We’ve had an easy winter.  Lots of rain and not much snow.  That makes it hard on the old snowmobile, especially in the sink holes.  We ran into a slight problem yesterday.

20 minutes with the Echo Timberwolf 590  chainsaw and a little grunt work and we made ourselves a solution.

She’s saying, “I’m gonna get mud splattered, I’m gonna get mud splattered!” I told her that if mama had a fit, she could blame me. 😉

Mike, Oscar, Hotel…..out.

Feet Per Second

I’ve got yard rabbits.  Like, rabbits that I let loose in 2014, expecting they’d be eaten by the fox during the night.  They’ve been here ever since.  Many rabbit folk say that a domestic rabbit can’t live on forage alone.  They’re wrong.  The two girls in my yard have done just fine.  In fact, they’re fat with hardly any help from me.

I caught one last year in a live trap and bred her to a buck.  Just to see if it worked.  It did.  A month later, I saw her pull fur.  Four weeks after that, I saw pea-sized bunny babies skittering out from under my shed.  There were seven in all.  All but one were killed by predators.  The last one we figured was a buck, due to the way he was built.  We called him Thunder.

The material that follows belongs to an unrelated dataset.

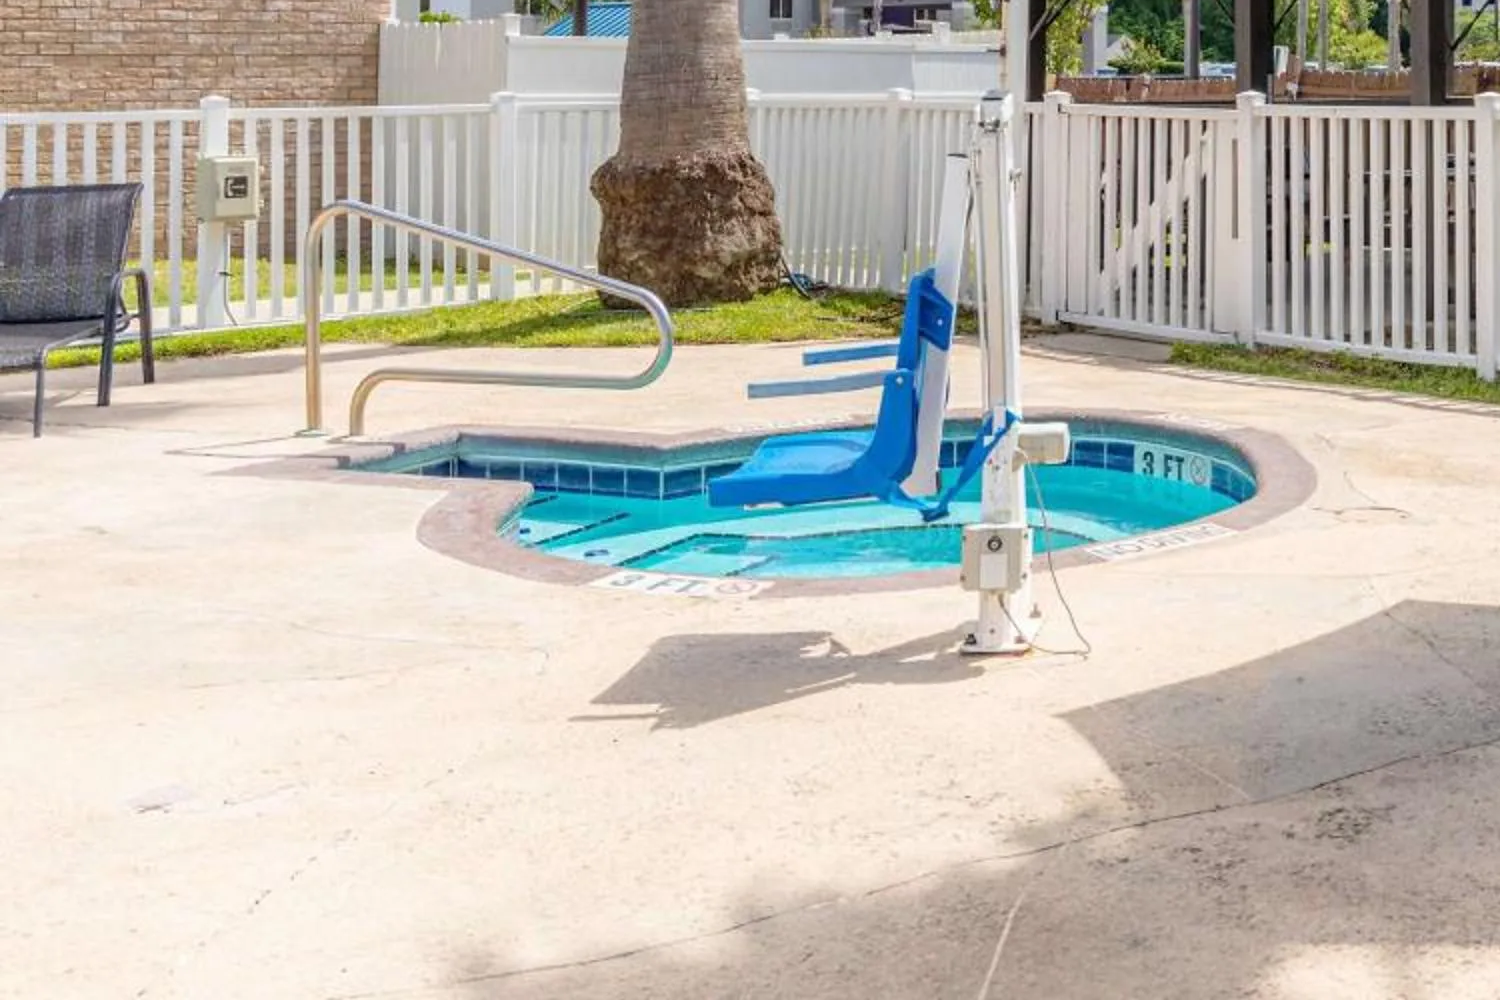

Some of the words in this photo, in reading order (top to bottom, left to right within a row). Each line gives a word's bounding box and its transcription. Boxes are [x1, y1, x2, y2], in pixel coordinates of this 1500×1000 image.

Thunder was about a year old.  Rabbits can breed at 4 months (that’s pushing it a bit), but we’d seen no action between he and the girls until recently.  When he did mount them, they kicked him off.

Apparently, he closed the deal with one of the does, though.  I caught her pulling fur and stashing it under the deck the other day. Being that we’re selling the house, that isn’t ideal.

I went to Sportsman’s Warehouse to pick up some .22 shorts.  I usually buy CCI shorts and look for something in the neighborhood of 710 fps. I know those rounds are quiet and I can do basic jobs without being heard around the house.  They were out of CCIs.  All they had were these.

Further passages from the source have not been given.